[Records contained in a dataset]
# # # #
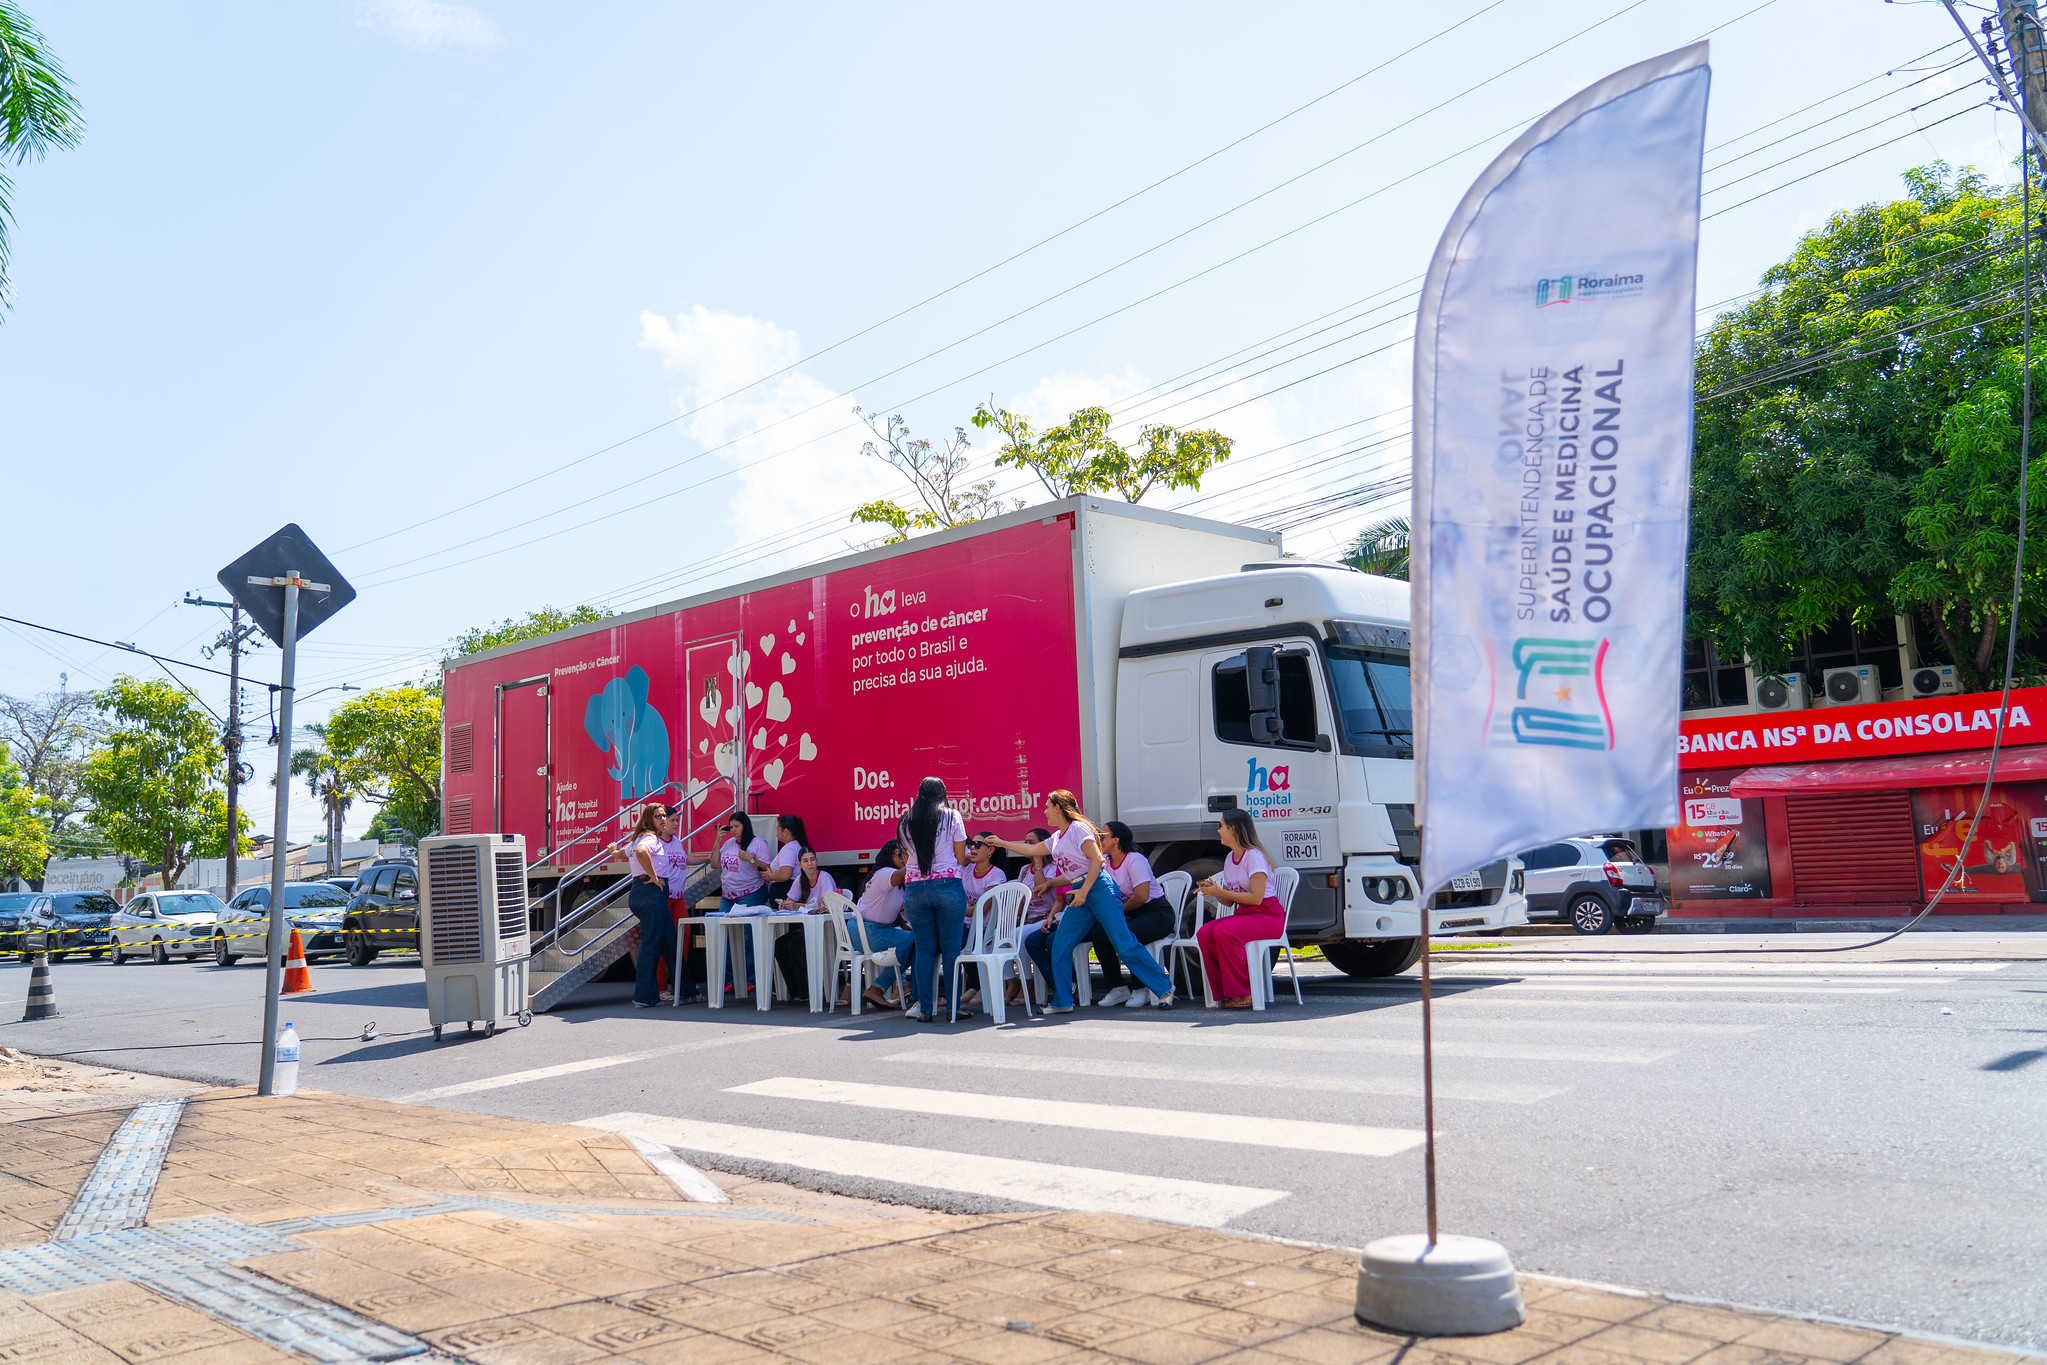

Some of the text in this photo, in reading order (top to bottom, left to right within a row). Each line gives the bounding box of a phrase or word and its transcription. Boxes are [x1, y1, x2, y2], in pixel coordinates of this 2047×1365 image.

[1578, 274, 1644, 290] Roraima
[1517, 366, 1548, 620] SUPERINTENDÊNCIA DE
[1545, 365, 1584, 623] SAÚDE E MEDICINA
[1582, 359, 1624, 623] OCUPACIONAL
[850, 585, 927, 619] o ha leva
[852, 607, 989, 650] prevenção de câncer
[852, 635, 968, 673] por todo o Brasil e
[554, 655, 620, 677] Prevenção de Câncer
[853, 656, 988, 696] precisa da sua ajuda.
[1678, 730, 1758, 754] BANCA
[1813, 722, 1852, 744] DA
[1856, 705, 2031, 741] CONSOLATA
[854, 767, 895, 791] Doe.
[1246, 757, 1291, 792] ha
[556, 781, 578, 794] Ajude o
[1683, 784, 1730, 795] Eu Prez
[555, 795, 577, 823] ha
[577, 799, 598, 811] hospital
[1246, 792, 1291, 808] hospital
[578, 809, 598, 819] de amor
[1247, 806, 1292, 818] de amor
[1297, 806, 1332, 814] 2430
[1688, 804, 1706, 820] 15
[1284, 833, 1318, 842] RORAIMA
[1286, 845, 1318, 859] RR-01
[1729, 884, 1750, 893] Claro
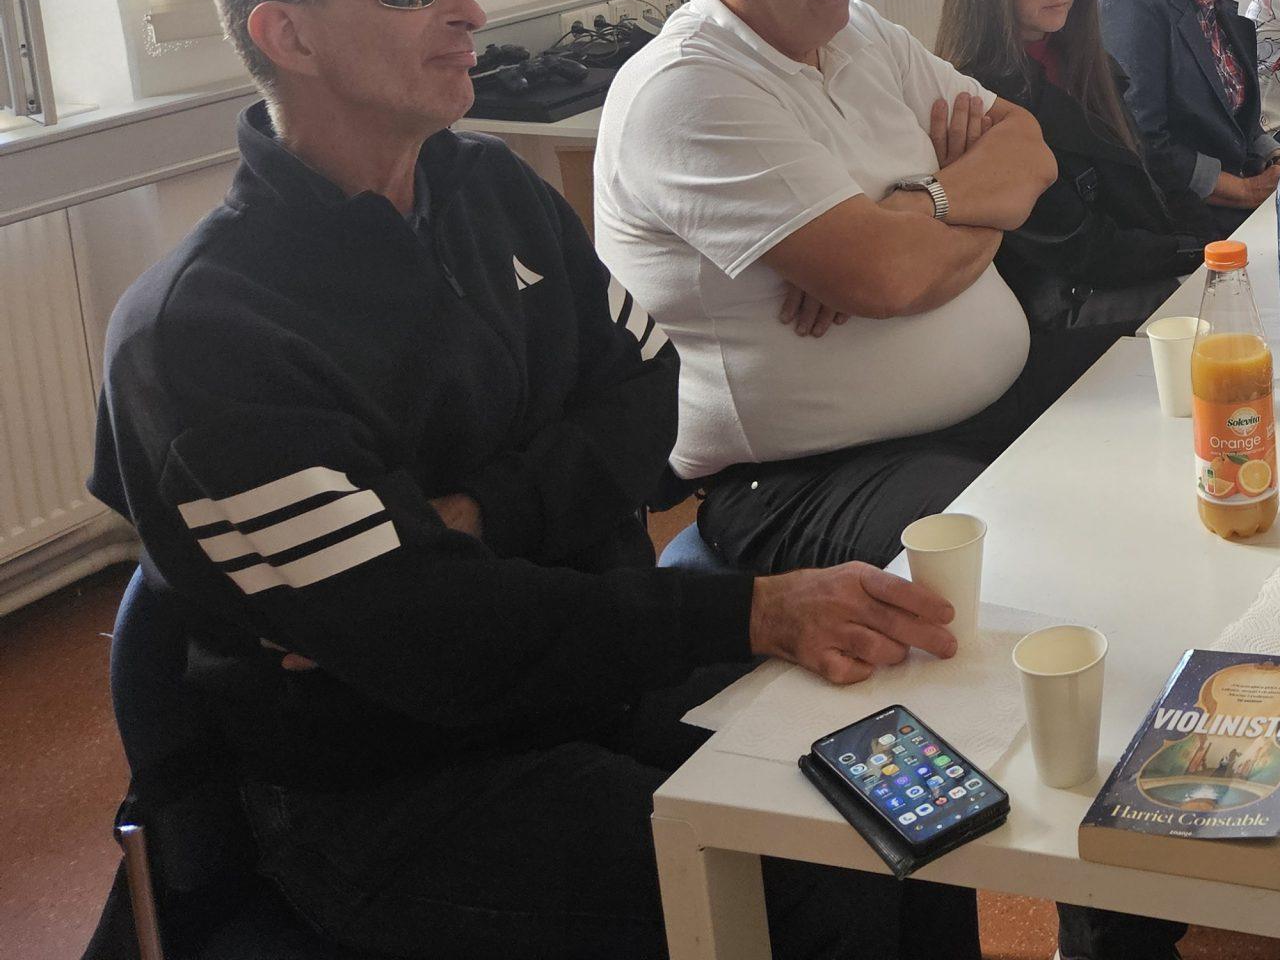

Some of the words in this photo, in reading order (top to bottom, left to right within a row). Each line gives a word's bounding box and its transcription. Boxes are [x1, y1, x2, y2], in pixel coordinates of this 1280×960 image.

[1227, 415, 1260, 427] Solevita
[1209, 435, 1262, 451] Orange
[1110, 803, 1174, 824] Harriet
[1178, 811, 1271, 827] Constable
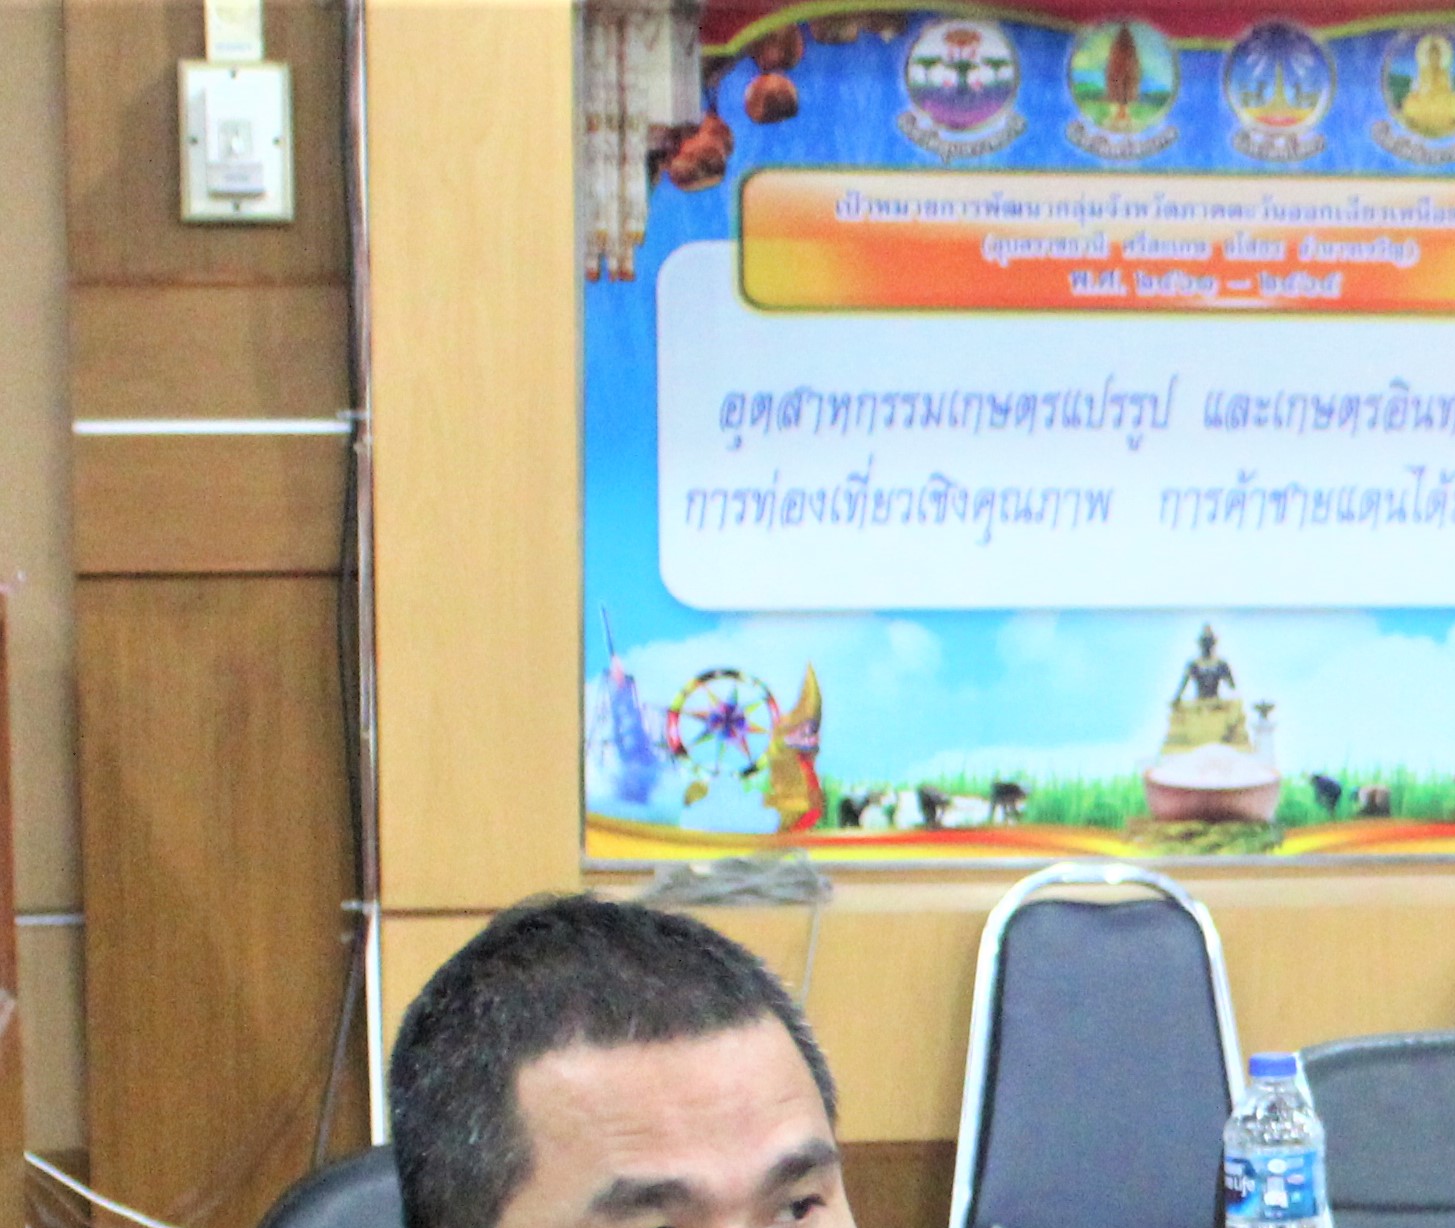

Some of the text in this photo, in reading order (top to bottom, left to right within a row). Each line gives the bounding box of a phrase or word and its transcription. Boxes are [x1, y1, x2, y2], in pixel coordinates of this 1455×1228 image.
# # # #
What to do
Copy out every line above, word for word, minus images.

Problem solution
Some of the text in this photo, in reading order (top to bottom, left to right within a row). Each line gives the bounding box of a phrase or word and its transcription. Boxes are [x1, y1, x2, y2], in pixel coordinates of this 2047×1365 image.

[1578, 274, 1644, 290] Roraima
[1517, 366, 1548, 620] SUPERINTENDÊNCIA DE
[1545, 365, 1584, 623] SAÚDE E MEDICINA
[1582, 359, 1624, 623] OCUPACIONAL
[850, 585, 927, 619] o ha leva
[852, 607, 989, 650] prevenção de câncer
[852, 635, 968, 673] por todo o Brasil e
[554, 655, 620, 677] Prevenção de Câncer
[853, 656, 988, 696] precisa da sua ajuda.
[1678, 730, 1758, 754] BANCA
[1813, 722, 1852, 744] DA
[1856, 705, 2031, 741] CONSOLATA
[854, 767, 895, 791] Doe.
[1246, 757, 1291, 792] ha
[556, 781, 578, 794] Ajude o
[1683, 784, 1730, 795] Eu Prez
[555, 795, 577, 823] ha
[577, 799, 598, 811] hospital
[1246, 792, 1291, 808] hospital
[578, 809, 598, 819] de amor
[1247, 806, 1292, 818] de amor
[1297, 806, 1332, 814] 2430
[1688, 804, 1706, 820] 15
[1284, 833, 1318, 842] RORAIMA
[1286, 845, 1318, 859] RR-01
[1729, 884, 1750, 893] Claro

Some of the words in this photo, in reading order (top to bottom, left to right within a row). Each line gives a word's bounding box and its transcription. Boxes are [x1, y1, x2, y2], in pixel coordinates of this 1280×960 image.

[1227, 415, 1260, 427] Solevita
[1209, 435, 1262, 451] Orange
[1110, 803, 1174, 824] Harriet
[1178, 811, 1271, 827] Constable

Some of the text in this photo, in reading order (top to bottom, left to right within a row). Each line gives the bounding box of a phrase or word and its transcription. Boxes are [x1, y1, x2, y2], in pixel coordinates of this 1455×1228 image.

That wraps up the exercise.